Les maisons de Fanny Britt

Chère Fanny,

Tu ne me connais pas, mais je te connais par Marie-Louise. J’adorais quand elle disait à la fin: Je vous embrasse. J’avais l’impression que cette embrassade chaleureuse m’était destinée à moi seule. Je l’écoutais religieusement. C’est par elle que je t’ai connue et aimée au début.

De tous temps, j’aime ton regard ému et tellement authentique sur la famille, l’amour, les chemins de nos vies. Il y a dans tes propos un peu de mélancolie sur le passé et d’espoir dans l’avenir. Chaque fois je suis touchée par la justesse de tes mots.

Dans ce livre, tu parles de lieux que je connais bien et que j’ai moi aussi fréquentés. Je t’ai suivie dans toutes les rues, dans tous les escaliers. Je t’ai connue dans toutes ces années.

Merci pour ce livre et pour le bonheur de l’avoir lu.

Pascale


La vie mensongère des adultes d’Elena Ferrante

Encore une fois, j’aime. J’aime l’amour. J’aime le style. J’aime le propos. J’aime l’atmosphère. J’aime l’Italie.

Je n’ai aucun sens critique et je l’assume.


La femme qui ne vieillissait pas de Grégoire Delacourt

Ho! Que j’ai aimé. Ça m’a réconciliée (pour un court moment) avec ma finitude. J’ai pensé, encore, que c’est difficile de ne pas être « normal ». J’ai pensé, encore, que c’est insupportable d’être plantée là.

J’aime cet auteur. Il m’énerve avec ses phases franchouillardes, mais je l’aime. Le le lis comme si ma délicieuse copine française me faisait la lecture. Je pardonnerais le vocabulaire pompeux et les phrases assassines.

Et finalement, j’aime les architectes. J’aime les designers. Le livre avait tout pour me plaire.
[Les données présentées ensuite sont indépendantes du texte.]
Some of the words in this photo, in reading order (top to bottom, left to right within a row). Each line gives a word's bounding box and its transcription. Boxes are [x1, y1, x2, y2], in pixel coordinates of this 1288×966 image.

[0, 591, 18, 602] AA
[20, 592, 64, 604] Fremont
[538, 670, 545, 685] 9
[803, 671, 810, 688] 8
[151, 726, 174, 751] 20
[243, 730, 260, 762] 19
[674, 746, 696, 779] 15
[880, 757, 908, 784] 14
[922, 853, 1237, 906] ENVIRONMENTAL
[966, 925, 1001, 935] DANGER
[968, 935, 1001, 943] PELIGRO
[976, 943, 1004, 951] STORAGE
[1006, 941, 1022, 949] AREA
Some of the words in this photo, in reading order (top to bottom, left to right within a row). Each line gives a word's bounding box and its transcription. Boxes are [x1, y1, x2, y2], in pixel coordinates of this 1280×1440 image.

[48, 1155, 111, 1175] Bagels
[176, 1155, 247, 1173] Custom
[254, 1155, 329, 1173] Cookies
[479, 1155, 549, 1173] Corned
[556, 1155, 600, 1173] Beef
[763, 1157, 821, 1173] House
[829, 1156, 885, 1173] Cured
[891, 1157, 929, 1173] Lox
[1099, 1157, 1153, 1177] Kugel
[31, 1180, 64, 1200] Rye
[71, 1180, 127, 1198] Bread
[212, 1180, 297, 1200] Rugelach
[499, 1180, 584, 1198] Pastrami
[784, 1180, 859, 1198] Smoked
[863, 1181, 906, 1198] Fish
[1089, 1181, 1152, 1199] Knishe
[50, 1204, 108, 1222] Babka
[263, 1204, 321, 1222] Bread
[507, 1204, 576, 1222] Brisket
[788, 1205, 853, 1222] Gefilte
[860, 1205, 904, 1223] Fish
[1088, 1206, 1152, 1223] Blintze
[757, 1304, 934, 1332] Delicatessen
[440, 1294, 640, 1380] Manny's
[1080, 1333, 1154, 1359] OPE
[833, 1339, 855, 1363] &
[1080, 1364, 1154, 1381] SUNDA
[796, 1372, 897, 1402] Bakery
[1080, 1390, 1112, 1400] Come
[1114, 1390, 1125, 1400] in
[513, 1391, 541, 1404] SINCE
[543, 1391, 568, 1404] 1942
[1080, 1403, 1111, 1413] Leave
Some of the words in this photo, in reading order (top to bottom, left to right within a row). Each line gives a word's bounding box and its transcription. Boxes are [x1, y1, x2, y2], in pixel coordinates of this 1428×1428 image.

Trois jours et une vie de Pierre Lemaitre

J’ai eu de la difficulté au début. Il a fallu que je saute des pages. Après c’était bien écrit. J’ai lu rapidement et trouvé le héros sympathique, la mère du héros, épaisse.

Ce n’est pas une histoire qui finit bien. Ça m’a rappelé que quand on est petit, on pense que nos parents n’ont rien vécu.